I love Asian Lettuce wraps!! They are such an awesome way to eat a well balanced meal and they are fun too!
This year I am focusing our home cooking on super healthy, low GI and plant based foods. (Sorry to you meat lovers, but I have just seen one too many movies on how big meat plants treat our animals before (and during) when they are slaughtered!
My criteria for meals I cook for my family and friends: every vegetarian or vegan recipe I put together has to be good or better than one cooked with meat. (Now if you really love meat, I would check out the source and only use organic meat that has been ethically treated)
This coming week I am serving this recipe with all the accompaniments !
Prep time about 20 minutes
Ingredients
Filling
- 1 tablespoon olive oil
- 1 pound organic ground meat substitute ( the best I have found is Yves Vegie Cuisine)
- 3 cloves minced garlic
- 1 white onion, diced
- 1 tablespoon fresh ginger, grated
- 1/3 cup hoisin sauce
- 2 tablespoons tamari (gluten free soy sauce)
- 1 tablespoon rice vinegar
- 2 teaspoons Chili sauce
- 1-4 ounce can sliced water chestnuts
- ½ pound mushrooms
- Black pepper and pink Himalayan sea salt to taste
- 3 green onions finely sliced
Accompaniments
- green onions for garnish
- 1 pound bean sprouts
- 2 cups shredded coleslaw mix
- 1 butter or head lettuce
Method
- Heat olive oil in a non-stick frying pan or wok. Add ground meat substitute and garlic. Cook until it is browned.

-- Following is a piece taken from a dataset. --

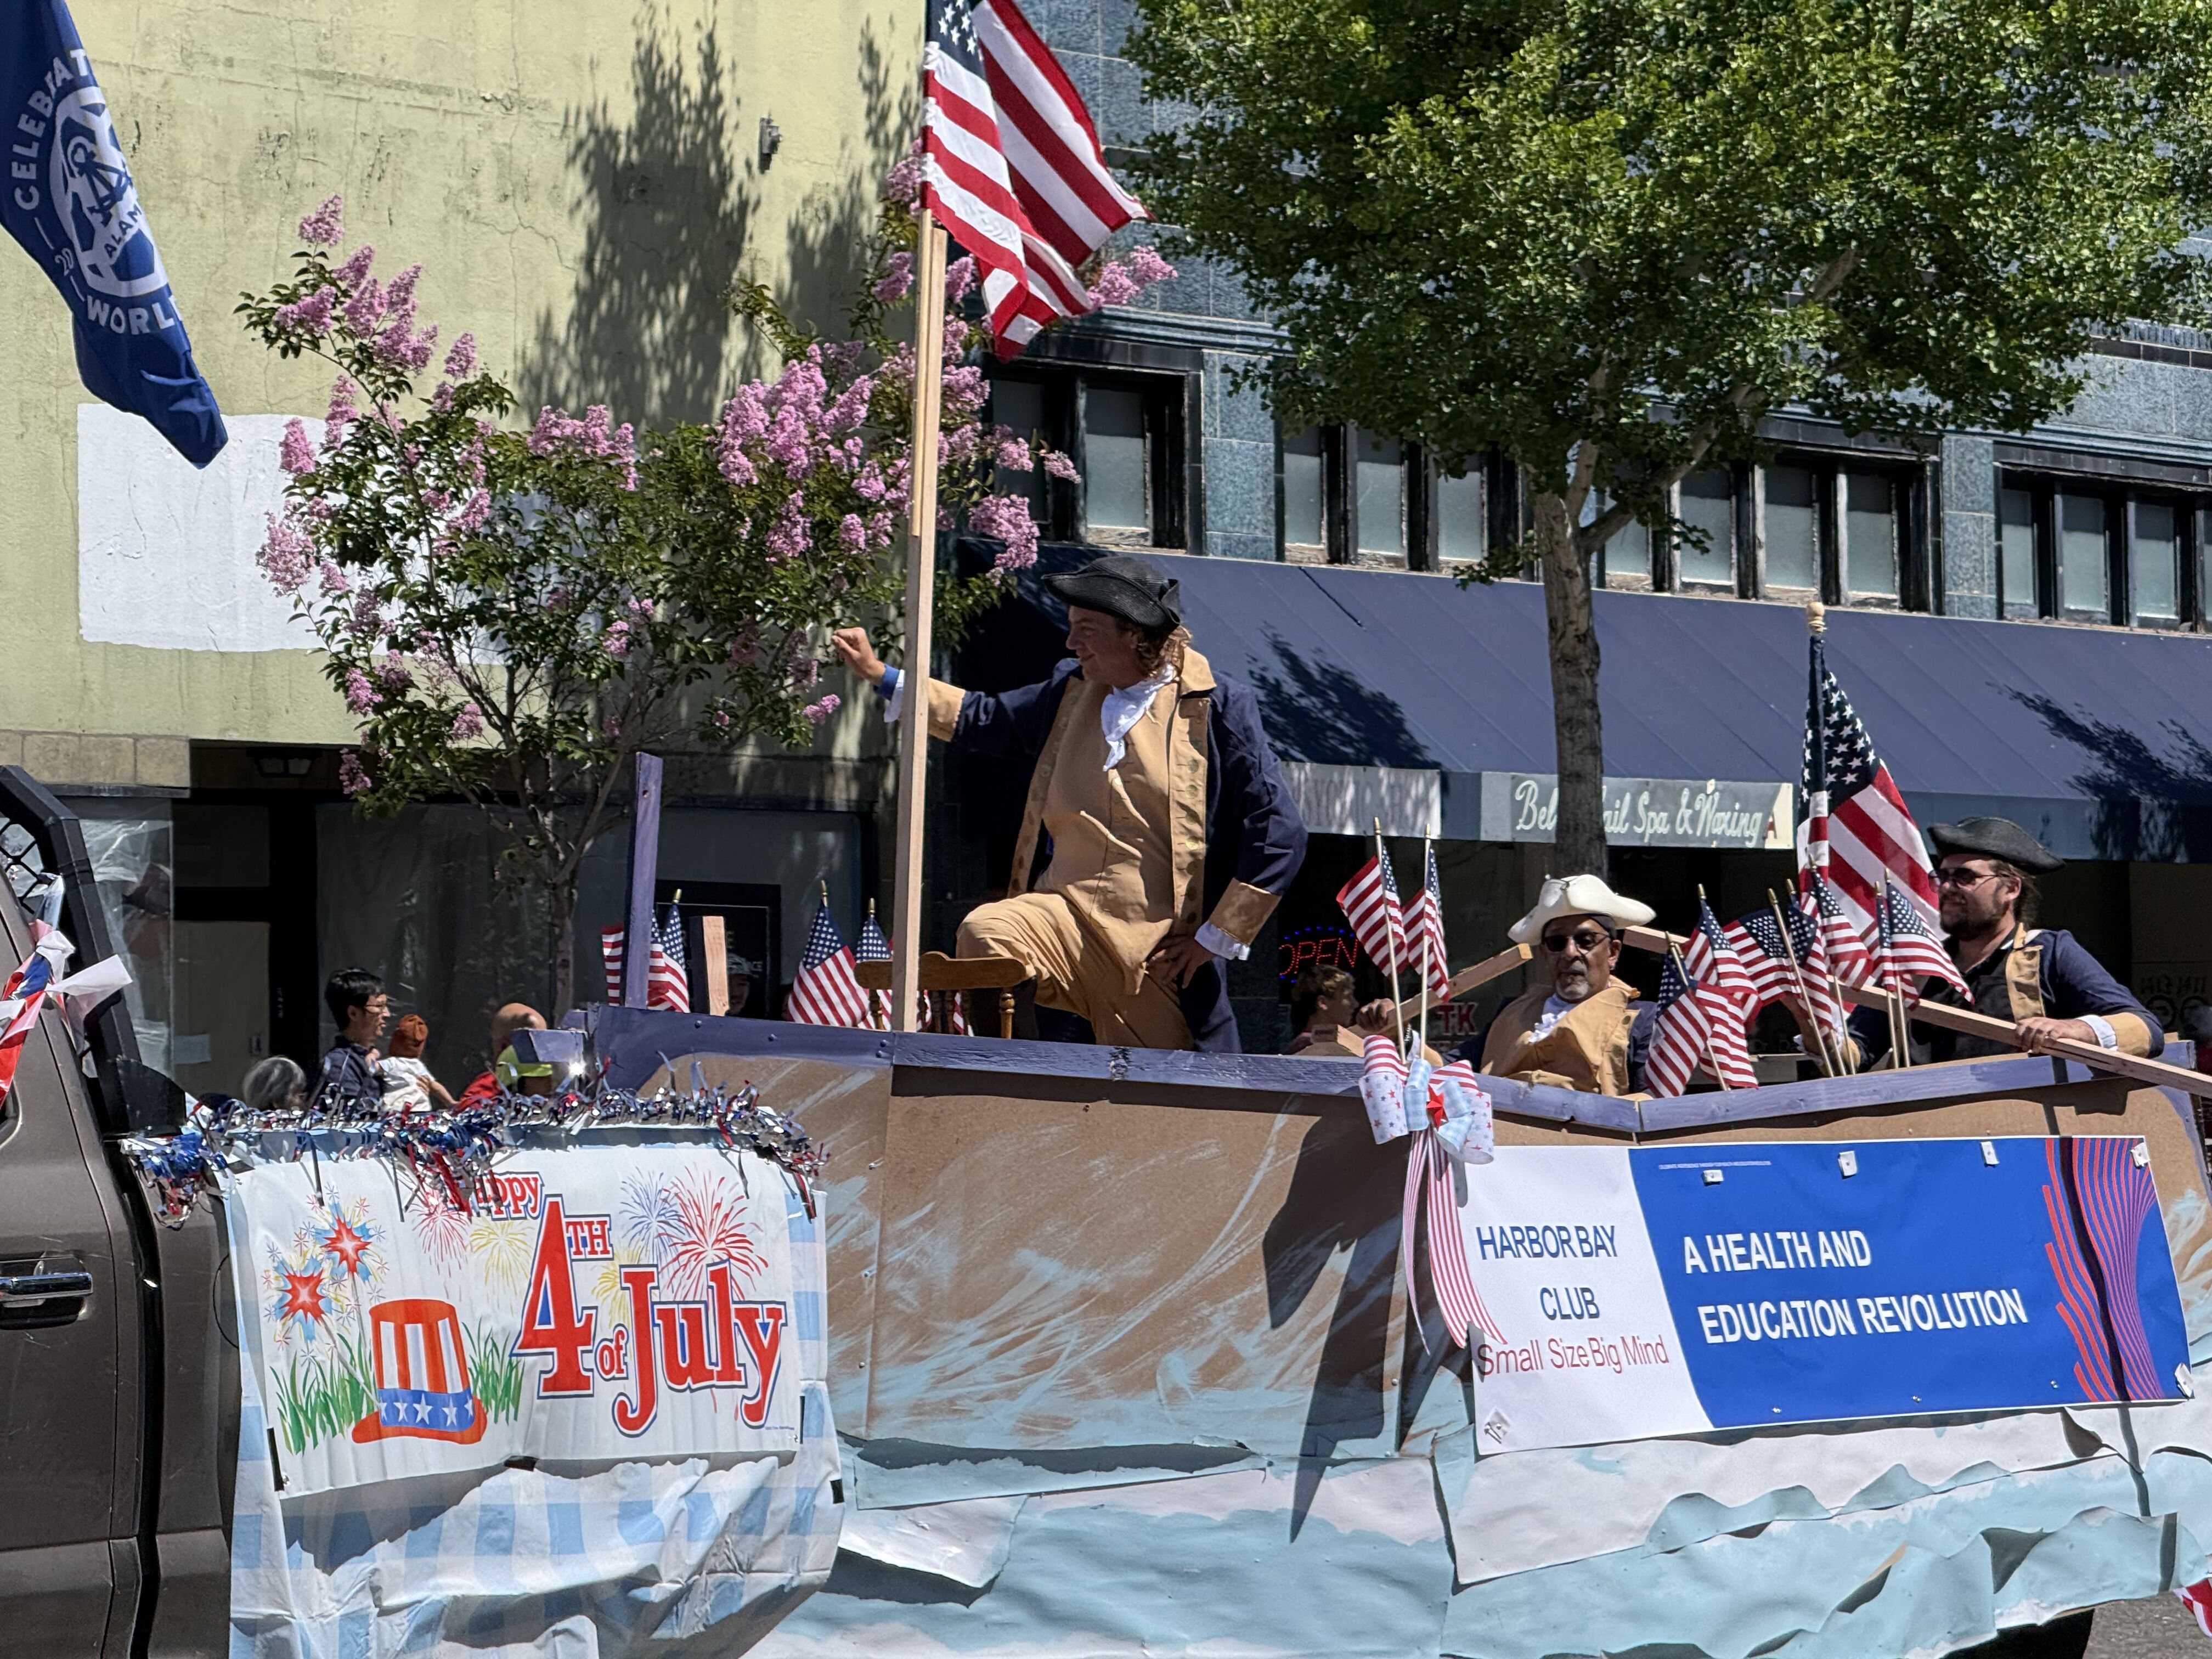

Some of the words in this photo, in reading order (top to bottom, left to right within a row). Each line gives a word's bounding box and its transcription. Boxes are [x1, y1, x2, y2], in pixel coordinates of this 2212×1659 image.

- Once browned, stir in the diced onion, sliced mushrooms, hoisin sauce, tamari sauce, vinegar, grated ginger and Chili sauce until the onions become translucent and the mushrooms are soft and lightly browned. Stir in the sliced water chestnuts and green onions until just tender. Season with ground black pepper and Himalayan sea salt to taste. You won’t need much!
To Serve
On a big platter arrange lettuce leaves, bean sprouts, coleslaw mix and green onions and let guests put their wraps together taco-style.